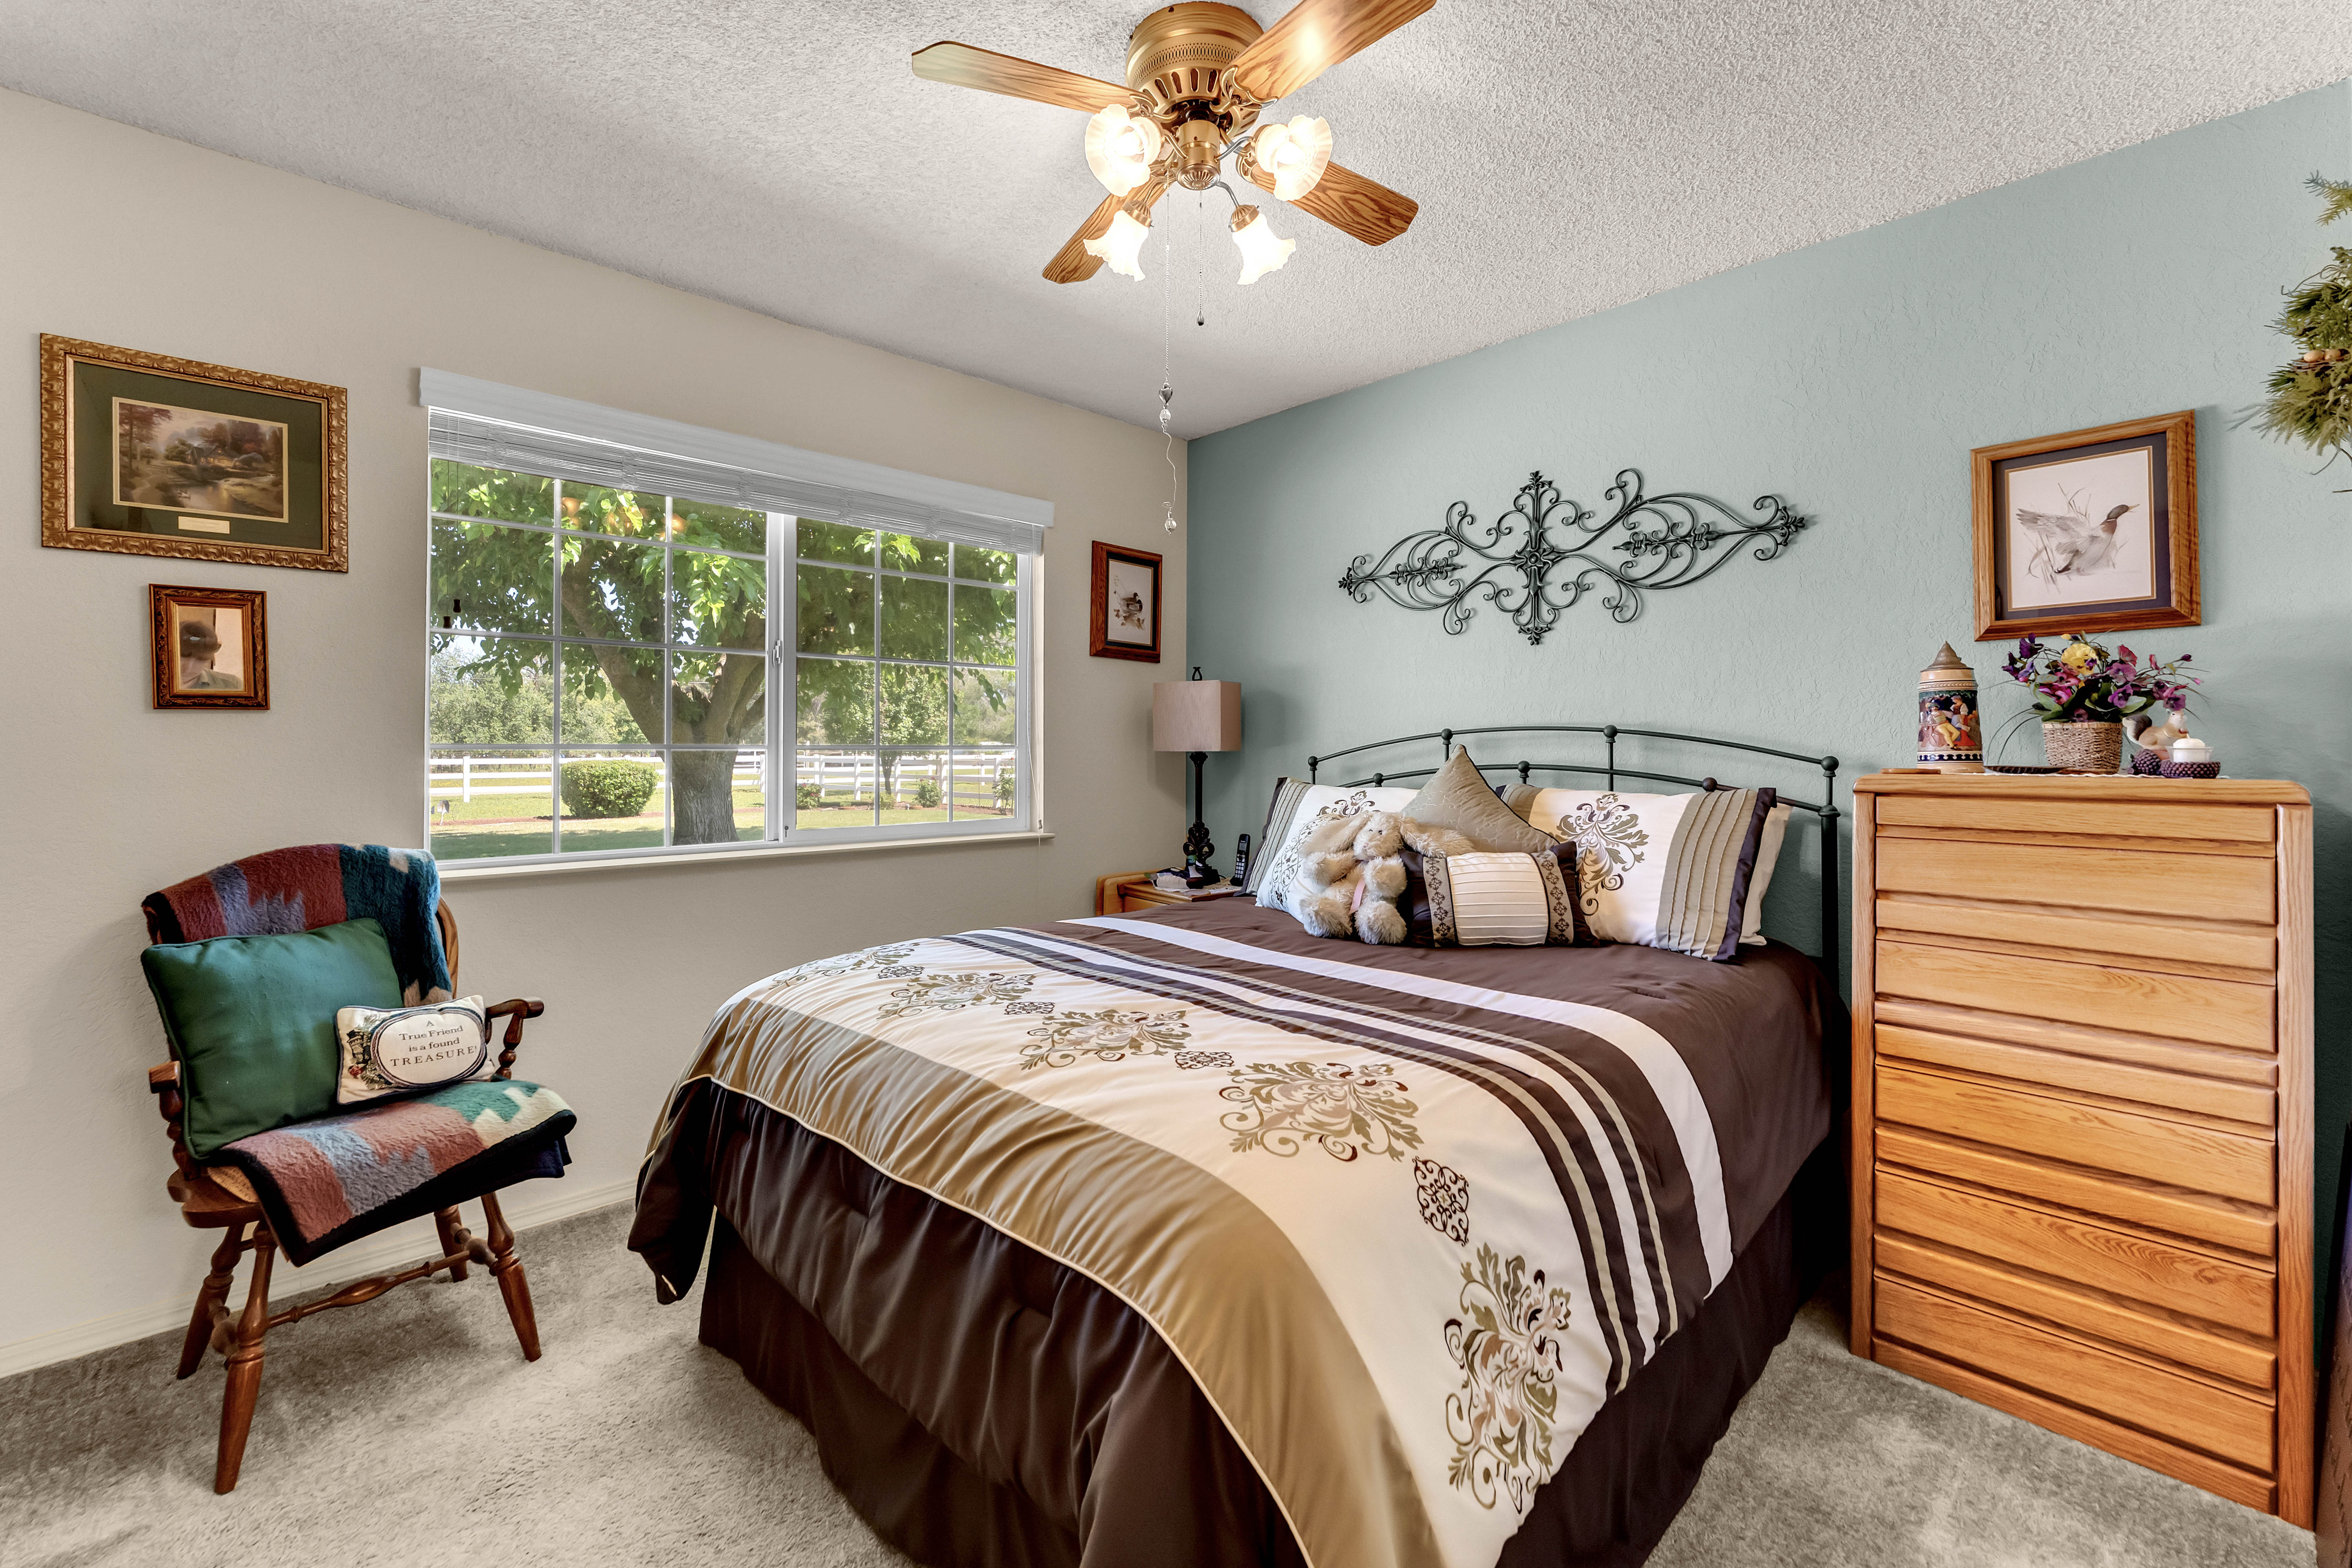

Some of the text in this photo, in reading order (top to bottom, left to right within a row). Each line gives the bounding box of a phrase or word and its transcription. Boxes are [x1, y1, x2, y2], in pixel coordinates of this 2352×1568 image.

[428, 1025, 463, 1037] Friend
[429, 1037, 460, 1049] found
[390, 1045, 477, 1067] TREASURE!
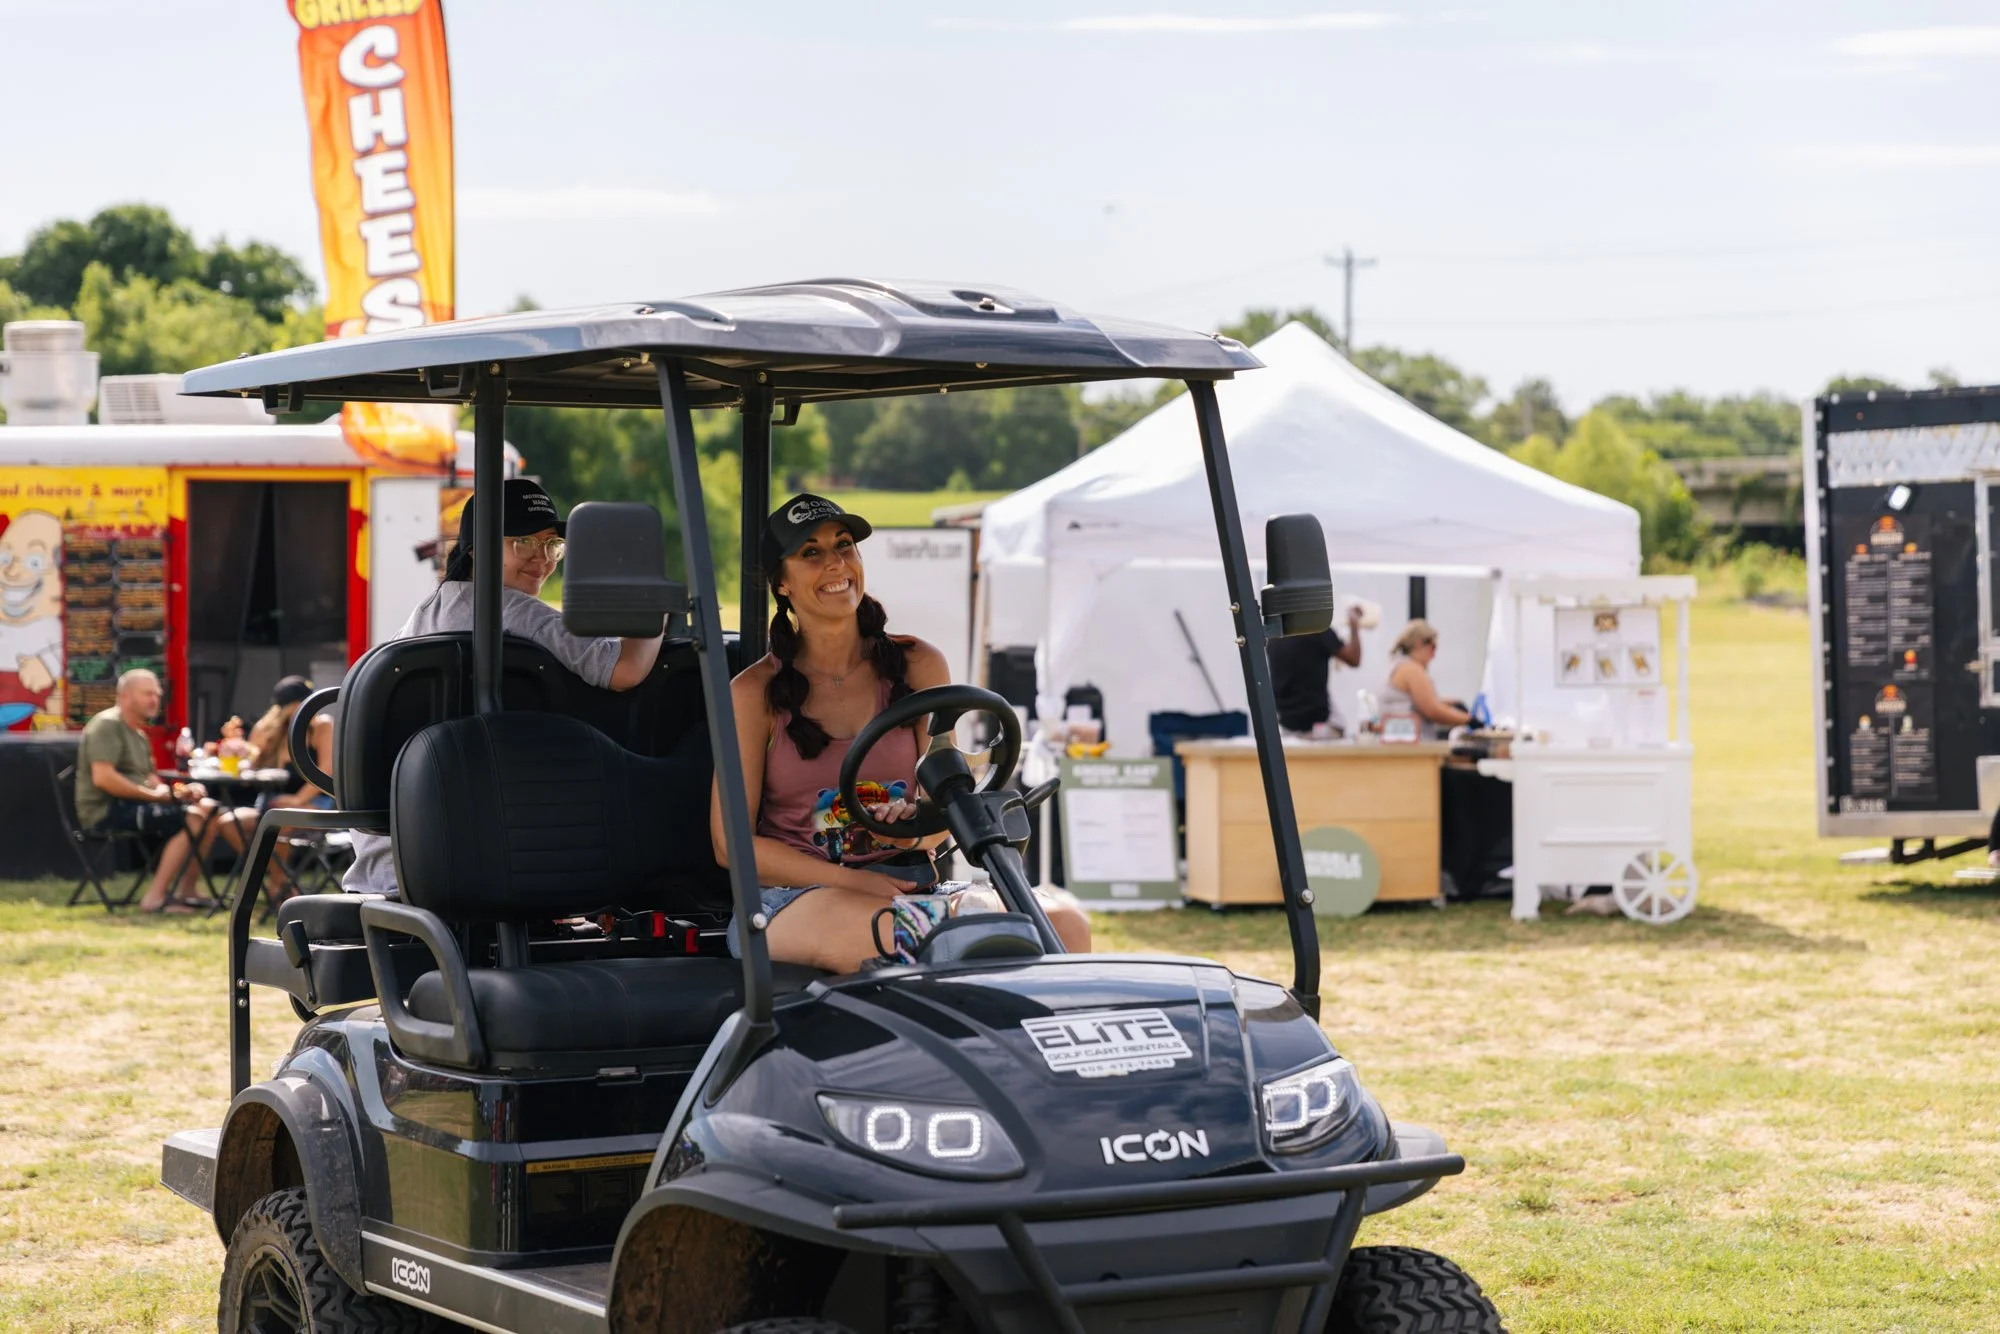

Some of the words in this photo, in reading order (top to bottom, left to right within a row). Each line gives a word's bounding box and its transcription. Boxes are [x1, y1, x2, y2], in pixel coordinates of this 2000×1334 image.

[1030, 1017, 1176, 1049] ELITE
[1049, 1051, 1081, 1061] GOLF
[1083, 1046, 1119, 1057] CART
[1121, 1042, 1182, 1053] RENTALS
[1100, 1129, 1210, 1165] ICON
[393, 1258, 429, 1292] ICON
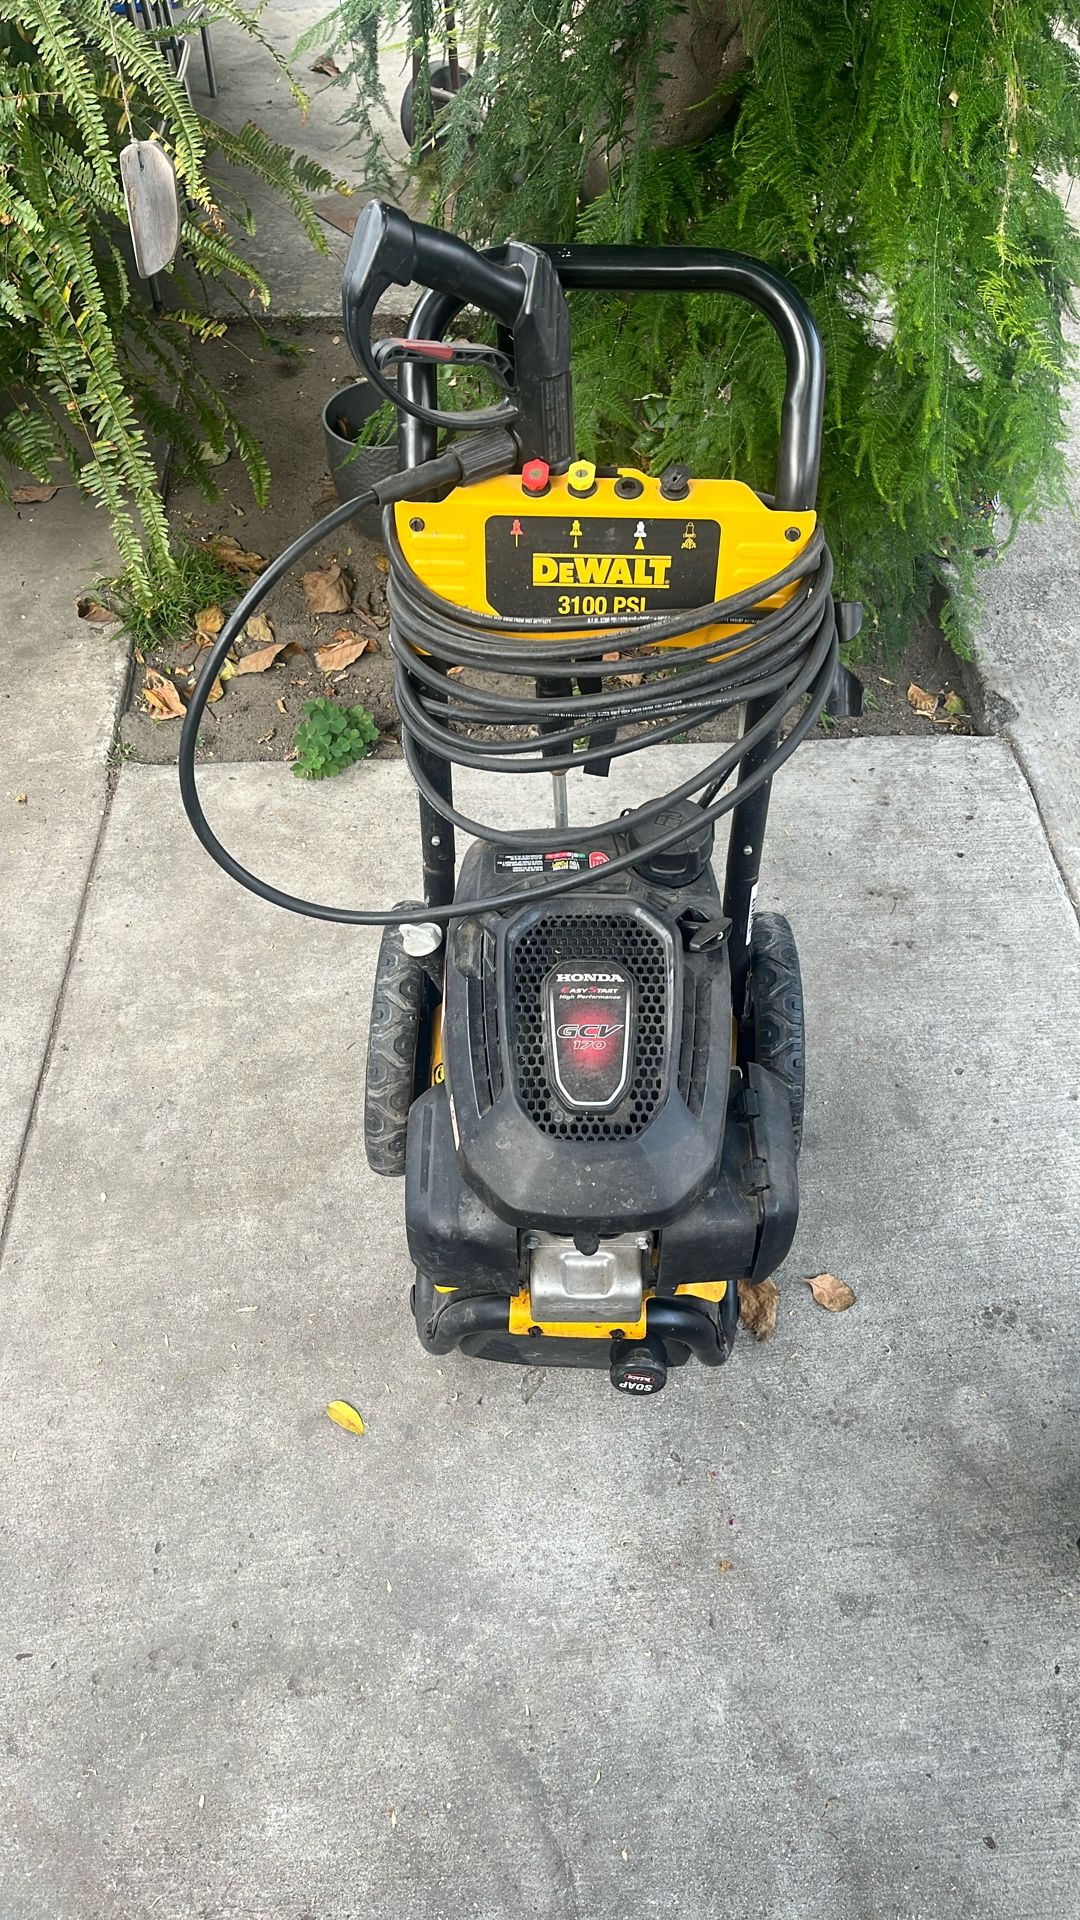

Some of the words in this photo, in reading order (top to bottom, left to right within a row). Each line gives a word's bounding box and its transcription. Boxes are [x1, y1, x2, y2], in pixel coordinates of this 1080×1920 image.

———

# Activity
Beginning with the line that contains "this 2000×1334 image.", write out the remaining lines of the listing above through the last, exactly and only those, without pictures.

# Solved exercise
Some of the words in this photo, in reading order (top to bottom, left to right within a row). Each line gives a word's bounding box and its transcription. Boxes are [x1, y1, x2, y2], in pixel coordinates of this 2000×1334 image.

[1030, 1017, 1176, 1049] ELITE
[1049, 1051, 1081, 1061] GOLF
[1083, 1046, 1119, 1057] CART
[1121, 1042, 1182, 1053] RENTALS
[1100, 1129, 1210, 1165] ICON
[393, 1258, 429, 1292] ICON

Some of the words in this photo, in reading order (top to bottom, left to right within a row). Each line gives a word's bounding box and its transcription. Boxes are [x1, y1, x2, y2], in pixel coordinates of this 1080×1920 image.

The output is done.